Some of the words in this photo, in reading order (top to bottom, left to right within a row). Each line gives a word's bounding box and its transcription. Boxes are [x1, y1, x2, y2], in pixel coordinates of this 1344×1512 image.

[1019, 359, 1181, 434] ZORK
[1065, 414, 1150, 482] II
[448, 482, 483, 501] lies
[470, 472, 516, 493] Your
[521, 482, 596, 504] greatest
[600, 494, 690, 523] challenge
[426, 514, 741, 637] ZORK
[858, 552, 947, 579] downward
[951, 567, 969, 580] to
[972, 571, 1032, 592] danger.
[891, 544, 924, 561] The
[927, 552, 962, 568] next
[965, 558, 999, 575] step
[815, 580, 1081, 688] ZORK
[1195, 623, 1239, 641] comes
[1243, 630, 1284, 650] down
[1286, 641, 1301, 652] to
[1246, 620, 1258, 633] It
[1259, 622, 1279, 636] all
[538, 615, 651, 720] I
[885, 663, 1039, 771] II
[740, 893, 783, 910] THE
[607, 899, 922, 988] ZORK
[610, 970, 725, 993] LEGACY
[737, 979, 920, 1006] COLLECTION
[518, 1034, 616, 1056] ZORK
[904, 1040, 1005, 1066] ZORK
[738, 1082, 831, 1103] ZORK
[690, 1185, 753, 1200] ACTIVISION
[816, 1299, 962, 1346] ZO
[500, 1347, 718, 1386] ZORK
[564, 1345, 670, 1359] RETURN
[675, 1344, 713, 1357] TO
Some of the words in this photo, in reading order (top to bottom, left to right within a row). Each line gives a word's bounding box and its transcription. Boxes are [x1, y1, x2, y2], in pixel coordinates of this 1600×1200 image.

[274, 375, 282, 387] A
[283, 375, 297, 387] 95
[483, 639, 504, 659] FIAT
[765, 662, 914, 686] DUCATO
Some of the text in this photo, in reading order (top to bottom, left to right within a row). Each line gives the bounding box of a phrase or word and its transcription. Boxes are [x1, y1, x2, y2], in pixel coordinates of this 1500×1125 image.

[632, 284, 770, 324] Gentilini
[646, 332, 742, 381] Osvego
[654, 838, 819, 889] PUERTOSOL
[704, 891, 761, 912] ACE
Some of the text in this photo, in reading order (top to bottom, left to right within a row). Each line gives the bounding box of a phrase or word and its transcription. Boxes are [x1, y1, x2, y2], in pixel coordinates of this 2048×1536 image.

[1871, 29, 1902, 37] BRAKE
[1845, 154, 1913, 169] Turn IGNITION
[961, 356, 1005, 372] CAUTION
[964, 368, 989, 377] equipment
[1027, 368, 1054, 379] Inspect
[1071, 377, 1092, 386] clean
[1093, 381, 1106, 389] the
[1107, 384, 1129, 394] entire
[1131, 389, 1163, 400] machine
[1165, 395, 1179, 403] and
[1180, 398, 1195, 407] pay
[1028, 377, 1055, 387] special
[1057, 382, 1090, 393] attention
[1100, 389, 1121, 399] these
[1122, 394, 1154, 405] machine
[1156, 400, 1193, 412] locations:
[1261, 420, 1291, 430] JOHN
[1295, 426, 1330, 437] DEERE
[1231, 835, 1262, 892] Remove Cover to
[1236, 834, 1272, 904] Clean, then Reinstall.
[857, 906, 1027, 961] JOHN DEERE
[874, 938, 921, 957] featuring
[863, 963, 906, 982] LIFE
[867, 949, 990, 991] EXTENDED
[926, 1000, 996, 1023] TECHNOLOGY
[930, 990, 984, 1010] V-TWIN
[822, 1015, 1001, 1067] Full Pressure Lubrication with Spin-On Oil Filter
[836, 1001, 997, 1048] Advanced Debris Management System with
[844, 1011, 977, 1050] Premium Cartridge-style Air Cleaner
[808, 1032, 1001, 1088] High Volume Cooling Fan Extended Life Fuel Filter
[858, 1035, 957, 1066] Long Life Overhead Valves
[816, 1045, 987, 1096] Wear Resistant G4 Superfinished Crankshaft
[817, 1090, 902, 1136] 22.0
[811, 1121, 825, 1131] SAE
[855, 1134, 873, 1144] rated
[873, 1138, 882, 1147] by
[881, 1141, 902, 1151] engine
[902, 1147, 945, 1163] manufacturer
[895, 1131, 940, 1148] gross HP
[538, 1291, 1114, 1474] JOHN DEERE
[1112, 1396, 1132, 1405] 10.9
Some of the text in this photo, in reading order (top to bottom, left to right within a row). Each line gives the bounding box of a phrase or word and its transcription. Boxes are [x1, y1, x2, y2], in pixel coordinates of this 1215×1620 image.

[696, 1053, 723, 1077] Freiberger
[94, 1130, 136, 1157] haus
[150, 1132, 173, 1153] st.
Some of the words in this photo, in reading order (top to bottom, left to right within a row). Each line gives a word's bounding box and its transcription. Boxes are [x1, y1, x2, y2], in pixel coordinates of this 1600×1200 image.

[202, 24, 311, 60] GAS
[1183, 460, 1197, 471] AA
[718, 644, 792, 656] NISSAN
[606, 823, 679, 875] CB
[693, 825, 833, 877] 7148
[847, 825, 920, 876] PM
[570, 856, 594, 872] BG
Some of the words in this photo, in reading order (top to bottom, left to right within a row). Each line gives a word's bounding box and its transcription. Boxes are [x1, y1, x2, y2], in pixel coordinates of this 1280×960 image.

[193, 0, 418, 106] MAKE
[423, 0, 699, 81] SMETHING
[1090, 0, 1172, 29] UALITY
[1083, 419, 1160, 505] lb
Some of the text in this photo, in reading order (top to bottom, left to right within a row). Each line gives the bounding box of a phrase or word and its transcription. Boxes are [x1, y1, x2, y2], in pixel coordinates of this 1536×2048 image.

+++++

• [Work item]: Nothing is to be left out: set down all the records again exactly.

• [Exercise response]:
Some of the words in this photo, in reading order (top to bottom, left to right within a row). Each line gives a word's bounding box and its transcription. Boxes are [x1, y1, x2, y2], in pixel coordinates of this 1344×1512 image.

[1019, 359, 1181, 434] ZORK
[1065, 414, 1150, 482] II
[448, 482, 483, 501] lies
[470, 472, 516, 493] Your
[521, 482, 596, 504] greatest
[600, 494, 690, 523] challenge
[426, 514, 741, 637] ZORK
[858, 552, 947, 579] downward
[951, 567, 969, 580] to
[972, 571, 1032, 592] danger.
[891, 544, 924, 561] The
[927, 552, 962, 568] next
[965, 558, 999, 575] step
[815, 580, 1081, 688] ZORK
[1195, 623, 1239, 641] comes
[1243, 630, 1284, 650] down
[1286, 641, 1301, 652] to
[1246, 620, 1258, 633] It
[1259, 622, 1279, 636] all
[538, 615, 651, 720] I
[885, 663, 1039, 771] II
[740, 893, 783, 910] THE
[607, 899, 922, 988] ZORK
[610, 970, 725, 993] LEGACY
[737, 979, 920, 1006] COLLECTION
[518, 1034, 616, 1056] ZORK
[904, 1040, 1005, 1066] ZORK
[738, 1082, 831, 1103] ZORK
[690, 1185, 753, 1200] ACTIVISION
[816, 1299, 962, 1346] ZO
[500, 1347, 718, 1386] ZORK
[564, 1345, 670, 1359] RETURN
[675, 1344, 713, 1357] TO
Some of the words in this photo, in reading order (top to bottom, left to right within a row). Each line gives a word's bounding box and its transcription. Boxes are [x1, y1, x2, y2], in pixel coordinates of this 1600×1200 image.

[274, 375, 282, 387] A
[283, 375, 297, 387] 95
[483, 639, 504, 659] FIAT
[765, 662, 914, 686] DUCATO
Some of the text in this photo, in reading order (top to bottom, left to right within a row). Each line gives the bounding box of a phrase or word and its transcription. Boxes are [x1, y1, x2, y2], in pixel coordinates of this 1500×1125 image.

[632, 284, 770, 324] Gentilini
[646, 332, 742, 381] Osvego
[654, 838, 819, 889] PUERTOSOL
[704, 891, 761, 912] ACE
Some of the text in this photo, in reading order (top to bottom, left to right within a row). Each line gives the bounding box of a phrase or word and its transcription. Boxes are [x1, y1, x2, y2], in pixel coordinates of this 2048×1536 image.

[1871, 29, 1902, 37] BRAKE
[1845, 154, 1913, 169] Turn IGNITION
[961, 356, 1005, 372] CAUTION
[964, 368, 989, 377] equipment
[1027, 368, 1054, 379] Inspect
[1071, 377, 1092, 386] clean
[1093, 381, 1106, 389] the
[1107, 384, 1129, 394] entire
[1131, 389, 1163, 400] machine
[1165, 395, 1179, 403] and
[1180, 398, 1195, 407] pay
[1028, 377, 1055, 387] special
[1057, 382, 1090, 393] attention
[1100, 389, 1121, 399] these
[1122, 394, 1154, 405] machine
[1156, 400, 1193, 412] locations:
[1261, 420, 1291, 430] JOHN
[1295, 426, 1330, 437] DEERE
[1231, 835, 1262, 892] Remove Cover to
[1236, 834, 1272, 904] Clean, then Reinstall.
[857, 906, 1027, 961] JOHN DEERE
[874, 938, 921, 957] featuring
[863, 963, 906, 982] LIFE
[867, 949, 990, 991] EXTENDED
[926, 1000, 996, 1023] TECHNOLOGY
[930, 990, 984, 1010] V-TWIN
[822, 1015, 1001, 1067] Full Pressure Lubrication with Spin-On Oil Filter
[836, 1001, 997, 1048] Advanced Debris Management System with
[844, 1011, 977, 1050] Premium Cartridge-style Air Cleaner
[808, 1032, 1001, 1088] High Volume Cooling Fan Extended Life Fuel Filter
[858, 1035, 957, 1066] Long Life Overhead Valves
[816, 1045, 987, 1096] Wear Resistant G4 Superfinished Crankshaft
[817, 1090, 902, 1136] 22.0
[811, 1121, 825, 1131] SAE
[855, 1134, 873, 1144] rated
[873, 1138, 882, 1147] by
[881, 1141, 902, 1151] engine
[902, 1147, 945, 1163] manufacturer
[895, 1131, 940, 1148] gross HP
[538, 1291, 1114, 1474] JOHN DEERE
[1112, 1396, 1132, 1405] 10.9
Some of the text in this photo, in reading order (top to bottom, left to right within a row). Each line gives the bounding box of a phrase or word and its transcription. Boxes are [x1, y1, x2, y2], in pixel coordinates of this 1215×1620 image.

[696, 1053, 723, 1077] Freiberger
[94, 1130, 136, 1157] haus
[150, 1132, 173, 1153] st.
Some of the words in this photo, in reading order (top to bottom, left to right within a row). Each line gives a word's bounding box and its transcription. Boxes are [x1, y1, x2, y2], in pixel coordinates of this 1600×1200 image.

[202, 24, 311, 60] GAS
[1183, 460, 1197, 471] AA
[718, 644, 792, 656] NISSAN
[606, 823, 679, 875] CB
[693, 825, 833, 877] 7148
[847, 825, 920, 876] PM
[570, 856, 594, 872] BG
Some of the words in this photo, in reading order (top to bottom, left to right within a row). Each line gives a word's bounding box and its transcription. Boxes are [x1, y1, x2, y2], in pixel coordinates of this 1280×960 image.

[193, 0, 418, 106] MAKE
[423, 0, 699, 81] SMETHING
[1090, 0, 1172, 29] UALITY
[1083, 419, 1160, 505] lb
Some of the text in this photo, in reading order (top to bottom, left to right within a row). Each line gives the bounding box of a phrase or word and its transcription. Boxes are [x1, y1, x2, y2], in pixel coordinates of this 1536×2048 image.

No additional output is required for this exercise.